**Task prompt**
Transcribe the records in full; omit images.

**Exercise data**
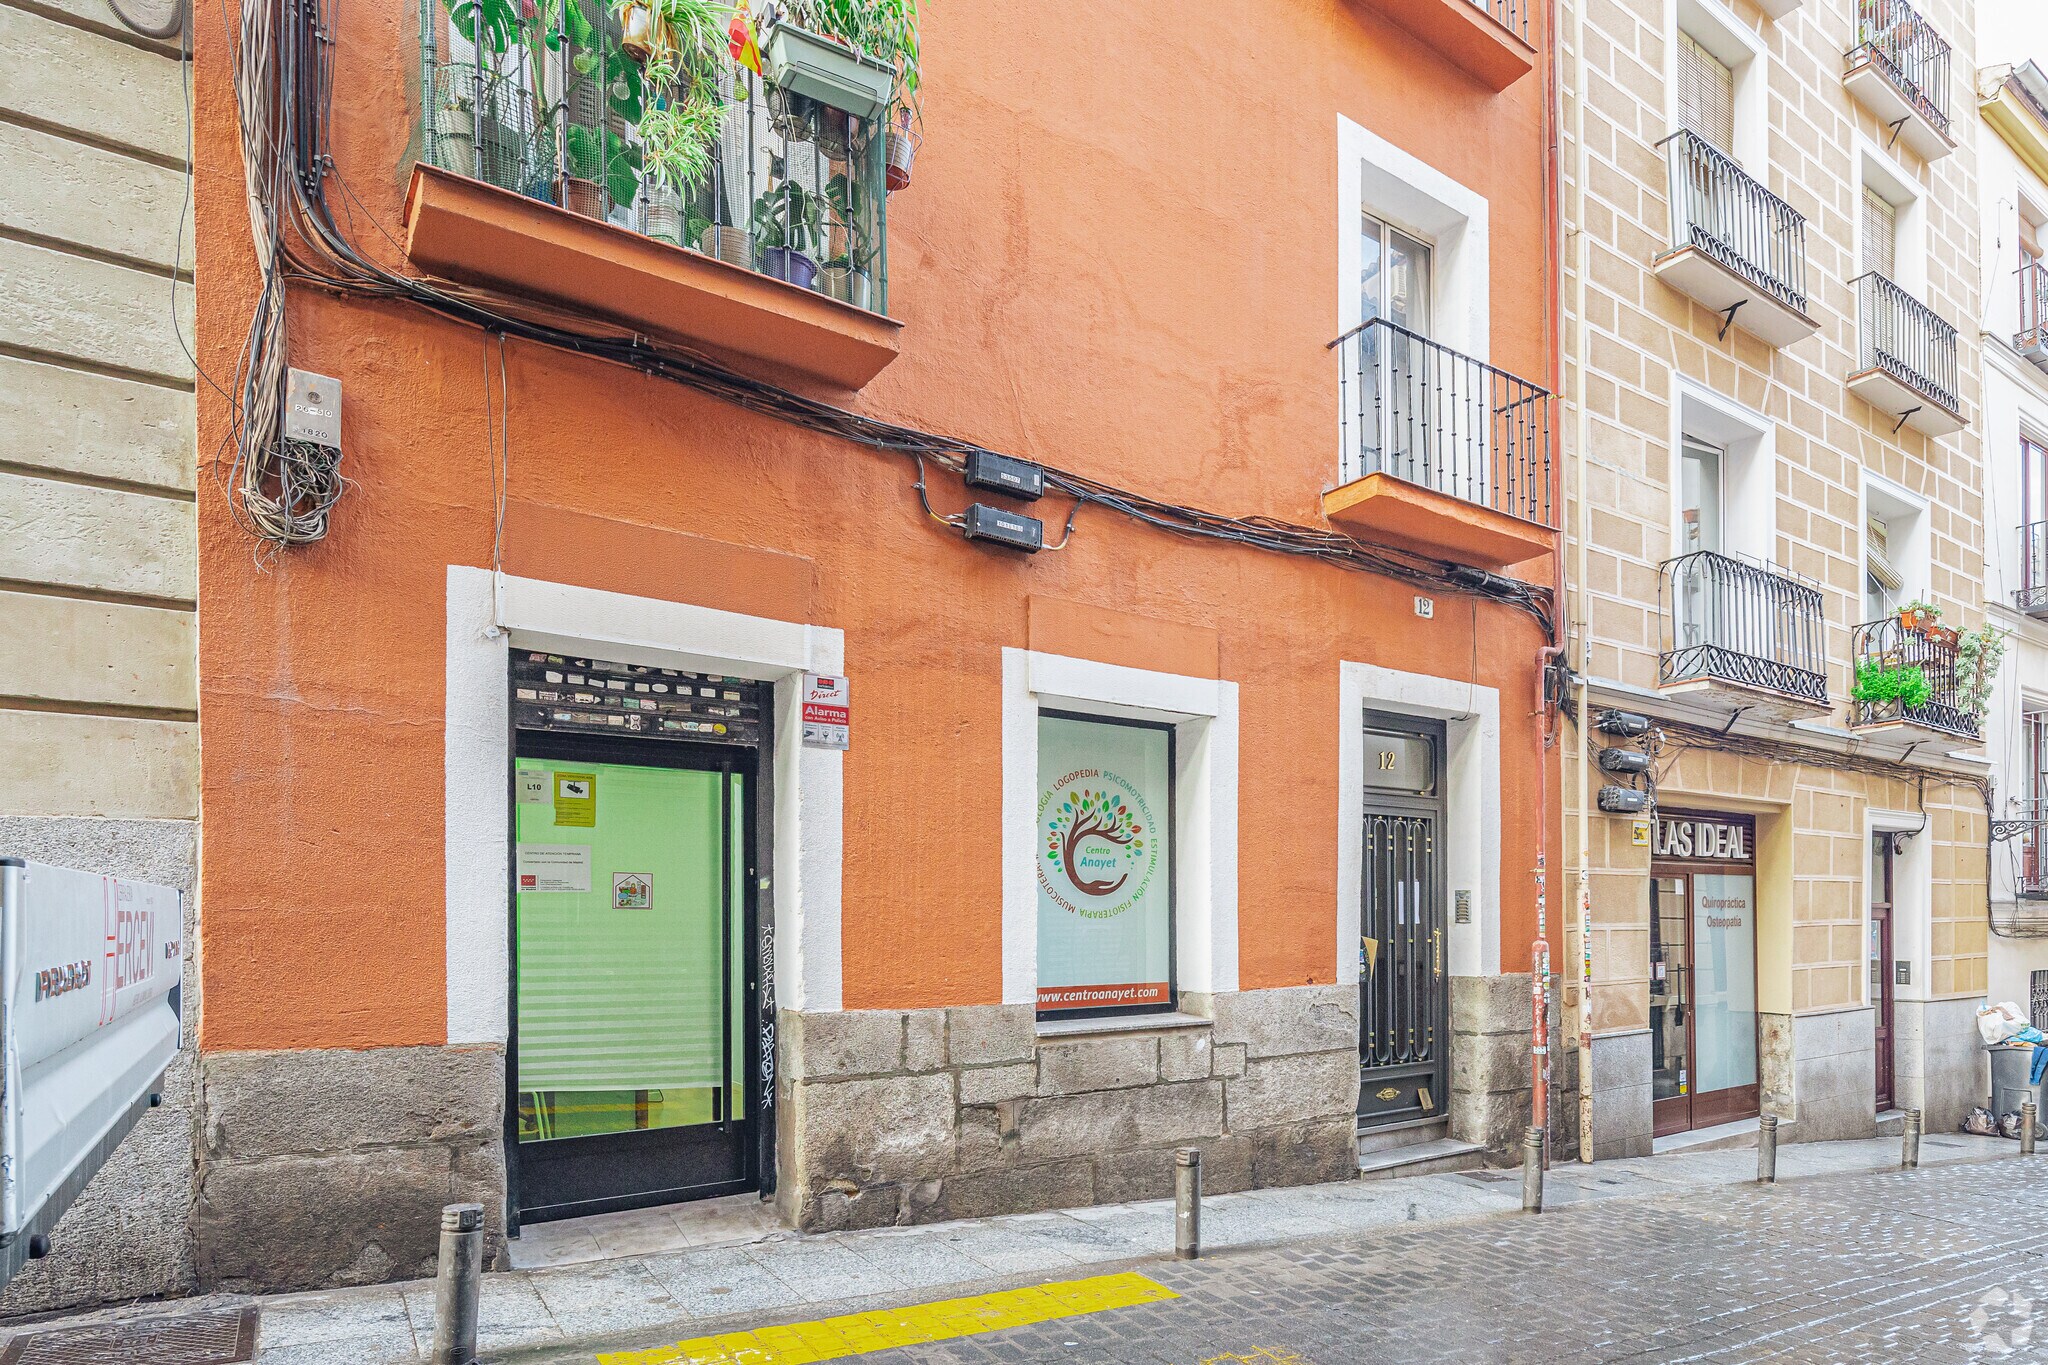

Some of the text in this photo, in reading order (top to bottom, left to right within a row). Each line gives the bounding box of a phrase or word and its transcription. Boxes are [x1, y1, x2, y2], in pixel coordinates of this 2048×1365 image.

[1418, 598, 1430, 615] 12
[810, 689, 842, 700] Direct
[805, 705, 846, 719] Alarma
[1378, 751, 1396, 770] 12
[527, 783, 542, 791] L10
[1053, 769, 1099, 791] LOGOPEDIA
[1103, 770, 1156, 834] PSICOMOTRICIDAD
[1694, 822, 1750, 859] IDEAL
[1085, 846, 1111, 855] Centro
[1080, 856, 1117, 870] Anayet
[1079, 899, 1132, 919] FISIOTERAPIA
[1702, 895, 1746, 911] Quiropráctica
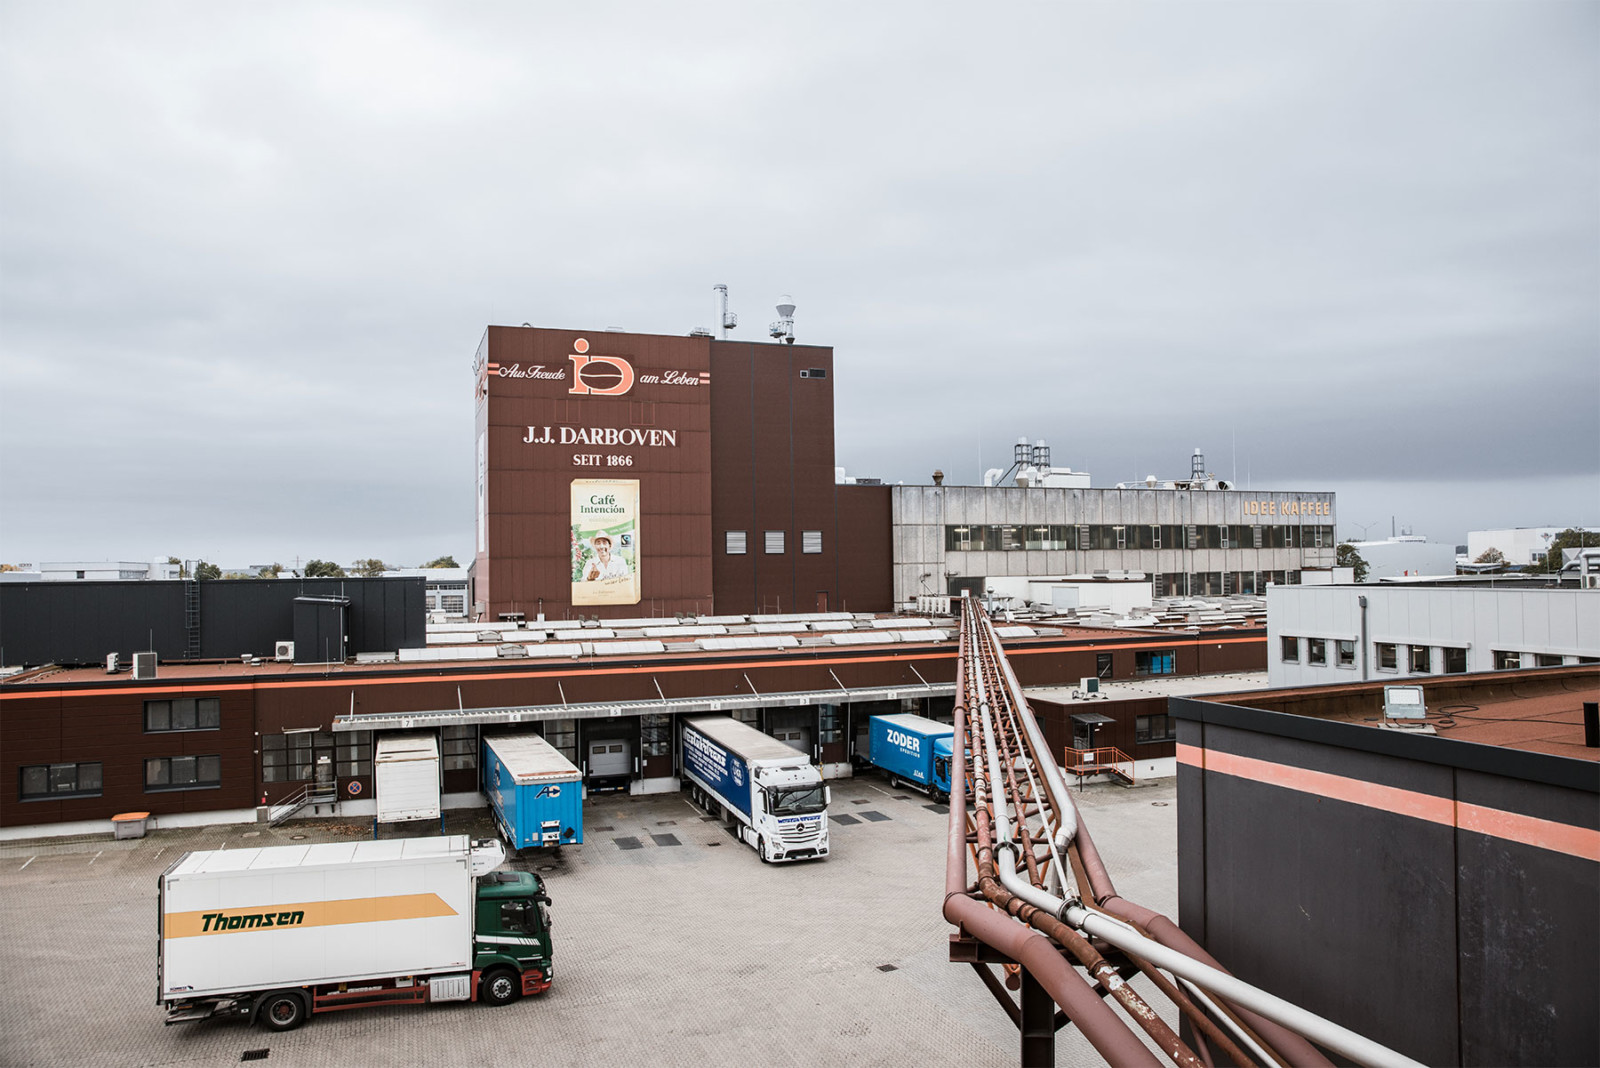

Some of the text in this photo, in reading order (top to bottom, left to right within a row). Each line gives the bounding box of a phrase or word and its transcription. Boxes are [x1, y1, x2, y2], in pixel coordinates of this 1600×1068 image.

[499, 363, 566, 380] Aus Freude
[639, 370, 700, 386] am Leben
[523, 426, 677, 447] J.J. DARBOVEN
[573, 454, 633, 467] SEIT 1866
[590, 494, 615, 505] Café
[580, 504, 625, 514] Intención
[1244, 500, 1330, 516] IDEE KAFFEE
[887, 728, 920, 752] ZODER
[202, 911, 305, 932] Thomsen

**Exercise output**
Some of the text in this photo, in reading order (top to bottom, left to right within a row). Each line gives the bounding box of a phrase or word and its transcription. Boxes are [x1, y1, x2, y2], in pixel coordinates of this 2048×1365 image.

[1418, 598, 1430, 615] 12
[810, 689, 842, 700] Direct
[805, 705, 846, 719] Alarma
[1378, 751, 1396, 770] 12
[527, 783, 542, 791] L10
[1053, 769, 1099, 791] LOGOPEDIA
[1103, 770, 1156, 834] PSICOMOTRICIDAD
[1694, 822, 1750, 859] IDEAL
[1085, 846, 1111, 855] Centro
[1080, 856, 1117, 870] Anayet
[1079, 899, 1132, 919] FISIOTERAPIA
[1702, 895, 1746, 911] Quiropráctica

Some of the text in this photo, in reading order (top to bottom, left to right within a row). Each line gives the bounding box of a phrase or word and its transcription. Boxes are [x1, y1, x2, y2], in pixel coordinates of this 1600×1068 image.

[499, 363, 566, 380] Aus Freude
[639, 370, 700, 386] am Leben
[523, 426, 677, 447] J.J. DARBOVEN
[573, 454, 633, 467] SEIT 1866
[590, 494, 615, 505] Café
[580, 504, 625, 514] Intención
[1244, 500, 1330, 516] IDEE KAFFEE
[887, 728, 920, 752] ZODER
[202, 911, 305, 932] Thomsen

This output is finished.